> [Work instruction] Can you copy the lines from the one that contains "this 1600×800 image." through the end of the material below, exactly and with nothing else?

> [Task inputs]

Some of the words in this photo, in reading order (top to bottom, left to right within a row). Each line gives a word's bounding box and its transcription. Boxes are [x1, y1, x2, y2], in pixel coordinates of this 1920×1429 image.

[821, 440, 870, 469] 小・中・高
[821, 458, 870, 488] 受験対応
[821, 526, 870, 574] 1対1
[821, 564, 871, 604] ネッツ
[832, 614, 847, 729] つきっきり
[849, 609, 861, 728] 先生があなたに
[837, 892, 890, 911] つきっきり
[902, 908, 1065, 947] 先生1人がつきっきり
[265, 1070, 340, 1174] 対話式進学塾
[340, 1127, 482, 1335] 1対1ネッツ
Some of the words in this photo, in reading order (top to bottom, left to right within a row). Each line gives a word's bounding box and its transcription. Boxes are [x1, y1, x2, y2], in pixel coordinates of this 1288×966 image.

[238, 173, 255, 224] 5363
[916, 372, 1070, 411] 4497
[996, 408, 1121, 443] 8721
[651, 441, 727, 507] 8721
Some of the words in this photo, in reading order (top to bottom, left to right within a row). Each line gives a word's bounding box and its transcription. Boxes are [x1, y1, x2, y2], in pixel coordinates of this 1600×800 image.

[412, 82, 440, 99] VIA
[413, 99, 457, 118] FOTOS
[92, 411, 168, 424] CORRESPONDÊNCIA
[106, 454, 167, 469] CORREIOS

> [Exercise response]
Some of the words in this photo, in reading order (top to bottom, left to right within a row). Each line gives a word's bounding box and its transcription. Boxes are [x1, y1, x2, y2], in pixel coordinates of this 1600×800 image.

[412, 82, 440, 99] VIA
[413, 99, 457, 118] FOTOS
[92, 411, 168, 424] CORRESPONDÊNCIA
[106, 454, 167, 469] CORREIOS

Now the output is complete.